We cannot assure you that our estimated environmental accruals, which
we believe to be reasonable, will cover in full the actual amounts of
environmental obligations we incur, that Mark IV will pay in full the
indemnified environmental liabilities when they are incurred, that new or
existing environmental laws will not affect us in currently unforeseen ways, or
that our present or future activities will not result in additional
environmentally related expenditures. However, we believe that compliance with
U.S. federal, state, local and foreign environmental protection laws and
regulations should have no material adverse effect on our results of operations
or financial condition.
EMPLOYEES
As of December 31, 2002, we employed 1,983 persons worldwide, of which
1,919 were full-time employees.
ITEM 2. PROPERTIES
Our principal manufacturing, sales, administrative, product
development, marketing, distribution, and service facilities are described in
the table below. In addition, we have other sales facilities throughout the
world. We believe that our plants and facilities are maintained in good
condition and, except as noted below, are suitable and adequate for our present
needs. Currently, our manufacturing plants are operating at an average of 75% of
capacity based on a single shift.
SIZE
LOCATION OWNED/LEASED (SQUARE FEET) FACILITY TYPE(a)

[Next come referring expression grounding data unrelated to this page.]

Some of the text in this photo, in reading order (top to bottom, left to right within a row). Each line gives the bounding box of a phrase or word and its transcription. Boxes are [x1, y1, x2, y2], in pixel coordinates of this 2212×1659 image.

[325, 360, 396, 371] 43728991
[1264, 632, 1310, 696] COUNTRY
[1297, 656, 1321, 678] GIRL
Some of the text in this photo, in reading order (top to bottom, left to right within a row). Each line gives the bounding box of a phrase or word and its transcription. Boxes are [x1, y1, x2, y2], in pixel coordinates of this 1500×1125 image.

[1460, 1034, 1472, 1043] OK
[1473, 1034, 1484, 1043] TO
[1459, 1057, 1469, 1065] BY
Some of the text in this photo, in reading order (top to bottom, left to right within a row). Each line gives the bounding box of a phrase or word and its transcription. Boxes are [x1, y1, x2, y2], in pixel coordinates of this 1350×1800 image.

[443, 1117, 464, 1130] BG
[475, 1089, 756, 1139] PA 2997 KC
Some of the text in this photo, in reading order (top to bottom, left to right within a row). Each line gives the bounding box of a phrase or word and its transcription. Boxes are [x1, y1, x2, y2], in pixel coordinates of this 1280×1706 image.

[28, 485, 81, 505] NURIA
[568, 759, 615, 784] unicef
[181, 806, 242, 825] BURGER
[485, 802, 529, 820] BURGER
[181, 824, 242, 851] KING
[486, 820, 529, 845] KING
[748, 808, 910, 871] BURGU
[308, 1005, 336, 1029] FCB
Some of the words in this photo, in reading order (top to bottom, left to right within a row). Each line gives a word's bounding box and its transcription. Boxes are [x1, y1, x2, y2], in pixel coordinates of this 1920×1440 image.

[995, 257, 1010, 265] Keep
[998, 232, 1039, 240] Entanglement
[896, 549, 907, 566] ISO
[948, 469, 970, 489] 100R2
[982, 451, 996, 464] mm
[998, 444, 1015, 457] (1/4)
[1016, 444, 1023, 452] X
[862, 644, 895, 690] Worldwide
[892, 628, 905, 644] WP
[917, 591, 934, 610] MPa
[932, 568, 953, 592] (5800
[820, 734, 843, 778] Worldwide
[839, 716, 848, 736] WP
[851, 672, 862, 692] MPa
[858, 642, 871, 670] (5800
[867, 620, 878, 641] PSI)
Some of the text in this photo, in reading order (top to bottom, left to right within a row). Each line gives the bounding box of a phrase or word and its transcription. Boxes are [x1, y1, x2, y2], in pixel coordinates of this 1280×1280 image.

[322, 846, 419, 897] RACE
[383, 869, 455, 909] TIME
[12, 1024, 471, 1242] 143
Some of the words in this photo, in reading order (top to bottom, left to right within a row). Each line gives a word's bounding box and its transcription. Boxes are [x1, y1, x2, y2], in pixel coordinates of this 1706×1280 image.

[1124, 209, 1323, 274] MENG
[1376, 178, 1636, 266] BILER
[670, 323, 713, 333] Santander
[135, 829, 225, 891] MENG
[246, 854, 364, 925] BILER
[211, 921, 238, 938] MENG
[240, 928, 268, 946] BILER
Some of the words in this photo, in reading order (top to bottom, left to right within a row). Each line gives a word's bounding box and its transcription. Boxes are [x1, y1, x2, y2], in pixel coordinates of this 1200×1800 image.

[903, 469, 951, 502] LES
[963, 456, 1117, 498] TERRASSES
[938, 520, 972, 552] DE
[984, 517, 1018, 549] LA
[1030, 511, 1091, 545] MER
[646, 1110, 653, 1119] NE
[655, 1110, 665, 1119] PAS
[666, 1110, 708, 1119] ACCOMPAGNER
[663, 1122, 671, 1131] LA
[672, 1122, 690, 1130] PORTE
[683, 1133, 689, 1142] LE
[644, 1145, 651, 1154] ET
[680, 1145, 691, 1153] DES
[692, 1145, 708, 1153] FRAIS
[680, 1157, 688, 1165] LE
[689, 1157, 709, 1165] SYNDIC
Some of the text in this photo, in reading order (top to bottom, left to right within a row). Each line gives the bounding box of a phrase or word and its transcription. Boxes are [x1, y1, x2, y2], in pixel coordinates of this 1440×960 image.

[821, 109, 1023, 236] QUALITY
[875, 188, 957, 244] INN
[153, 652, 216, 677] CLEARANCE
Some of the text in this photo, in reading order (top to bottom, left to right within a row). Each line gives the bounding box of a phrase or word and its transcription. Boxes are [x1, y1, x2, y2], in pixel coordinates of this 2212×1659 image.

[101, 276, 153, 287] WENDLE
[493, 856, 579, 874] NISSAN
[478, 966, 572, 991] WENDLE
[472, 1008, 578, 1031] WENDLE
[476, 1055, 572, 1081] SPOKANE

-------- ------------ ------------- ----------------
UNITED STATES:
Blue Earth, Minnesota........ Owned 150,000 Manufacturing/Distribution
Burnsville, Minnesota........ Leased 114,100 Corporate Headquarters/Marketing/Administration/
Product Development/Sales
Glencoe, Minnesota........... Owned 100,000 Manufacturing/Distribution
Lincoln, Nebraska............ Owned 120,000 Manufacturing/Distribution/ProductDevelopment/Sales
Morrilton, Arkansas.......... Owned 202,000 Manufacturing/Distribution
INTERNATIONAL:
Hermosillo, Sonora, Mexico... Leased 32,500 Manufacturing
Hohenwarth, Germany.......... Leased 27,400 Manufacturing/warehouse
Kidderminster, England....... Owned 35,000 Manufacturing/Sales/Marketing/Administration/
Product Development/Service
Kowloon, Hong Kong........... Leased 7,600 Sales/Marketing/Administration/Distribution/Service
London, England.............. Leased 11,500 Sales/Marketing/Administration/Distribution/Service
Paris, France................ Leased 4,100 Sales/Marketing/Administration/Distribution/Service
Singapore.................... Leased 2,300 Sales/Distribution/Service
Straubing, Germany........... Owned 103,600 Manufacturing/Sales/Marketing/Administration/
Product Development/ Distribution/Service
Straubing, Germany........... Leased 13,100 Warehouse
Sydney, Australia............ Leased 8,000 Sales/Marketing/Administration/Distribution/Service
Tokyo, Japan................. Leased 25,200 Sales/Marketing/Administration/Distribution/Service
(a) Our Morrilton, Arkansas, Kidderminster, England, and Hohenwarth,
Germany facilities are dedicated to the Professional Sound and
Entertainment business segment. All other facilities are used for both
of our business segments.
Our Glencoe, Minnesota, Kidderminster, England, and Hermosillo, Sonora,
Mexico facilities have been certified under International Organization for
Standards (ISO) 9002, and our Straubing, Germany facility has been certified
under ISO 9001.
ITEM 3. LEGAL PROCEEDINGS
From time to time we are a party to various legal actions in the normal
course of business. We believe that we are not currently a party in any
litigation, which, if adversely determined, would have a material adverse effect
on our financial condition or results of operations.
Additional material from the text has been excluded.